Uncertainty Looms as ‘Public Charge’ Rule Nears

By Michael J. Fitzgerald

Immigrant rights advocates joined a U.S. Congresswoman from California in sending a reassuring message to people worried about a controversial rule change to the “public charge” segments of the federal Immigration and Nationality Act.

“Don’t panic. It’s not over,” Connie Choi of the National Immigration Law Center said. “Advocates are pushing back.”

Choi was one of five speakers in a teleconference Sept. 5 sponsored by Protecting Immigrant Families and Ethnic Media Services. The speakers outlined a wide range of legal, organizational and information-based strategies to combat the change that could disqualify people from entering the U.S. because they might be considered a “public charge.”

The new INA rule set to take effect Oct. 15 makes it possible for immigration officers evaluating an applicant for a green card and those seeking to enter the U.S. on certain visas or adjust their immigration status if they receive benefits from Medicaid, the Supplemental Nutrition Assistance Program (SNAP), or federally subsidized housing such as Section 8.

The new rule also allows officers to consider English proficiency — or lack thereof — medical conditions and the availability of health insurance in determining if a person is admissible.

“It has already created a climate of fear, forcing some to get off public benefits,” Rep. Judy Chu (D-California) said. “The administration is circumventing the role of Congress. It’s an egregious and blatant overreach by the Trump administration.”

Chu has introduced HR 3222, a bill that would block any federal dollars from being used to implement the new rule.

Other health and legal service providers echoed similar concerns.

Asian Health Services in Oakland has brought immigration attorneys into its clinics to talk with worried patients who are concerned that using benefits through clinics or other publicly funded programs could jeopardize their chances to stay in the U.S. They also fear that taking any public monies could threaten other members of their households not currently documented.

In New York, Lisa David, president and CEO of Public Health Solutions, said her agency has seen a dramatic drop off in enrollments for the SNAP and Women, Infants and Children (WIC) even though WIC isn’t one of the programs specifically mentioned in the new rule.

“The level of fear around this rule is palpable and demonstrable,” she said. “The level of confusion is extraordinary.

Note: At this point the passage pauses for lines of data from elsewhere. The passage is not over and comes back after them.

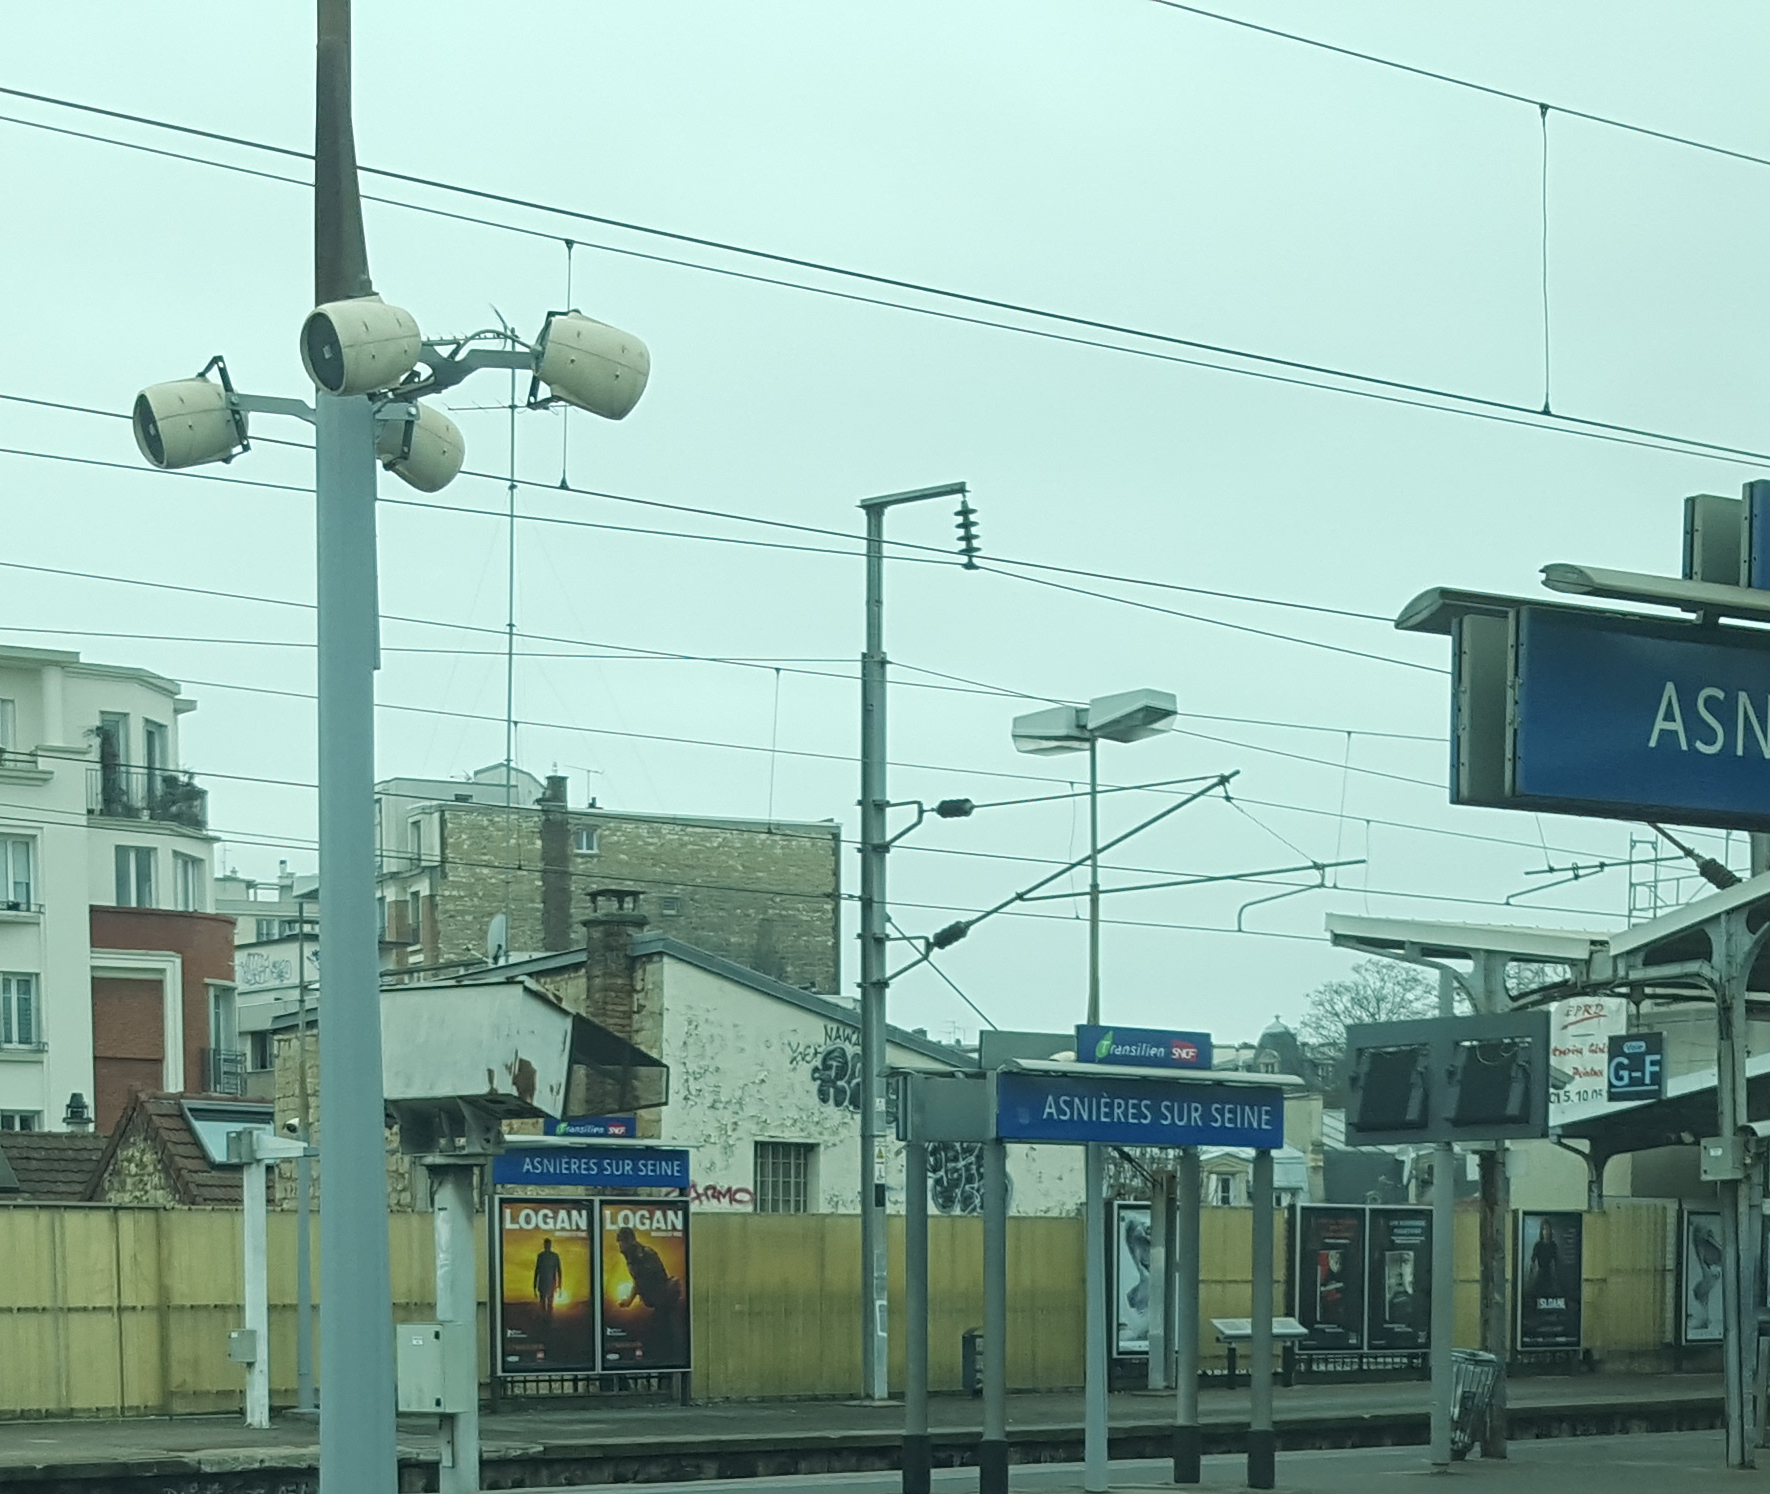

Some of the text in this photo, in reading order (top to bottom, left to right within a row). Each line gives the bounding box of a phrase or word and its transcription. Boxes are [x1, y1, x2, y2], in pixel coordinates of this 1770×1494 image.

[1097, 1038, 1198, 1060] Transilien SNCF
[1609, 1054, 1661, 1087] G-F
[1042, 1092, 1273, 1131] ASNIÈRES SUR SEINE
[608, 1126, 626, 1135] SNCF
[523, 1156, 682, 1177] ASNIÈRES SUR SEINE
[505, 1208, 588, 1230] LOGAN
[604, 1209, 683, 1231] LOGAN

People are confused about what’s real.”

David said people are starting to decline benefits, giving back WIC checks and even asking for their names to be removed from the agency’s database out of fear of running afoul of the public charge rule.

“We’re going to see a worsening conditions of health care,” she said.

In trying to navigate what might or might not be a problem, teleconference participants stressed the need for people to consult with people familiar with the new rule, which may include an immigration attorney.

But Amanda Lugg, director of Advocacy of the African Services Committee, said it was also important to use an attorney associated in some way with one of the community-based organizations that help immigrants.

A series of lawsuits have been filed in federal courts to try to delay implementation of the public charge rule. A hearing on a one request for an injunction has been set for Oct. 2.

“We have been preparing for this day since the beginning of the Trump administration,” Choi said.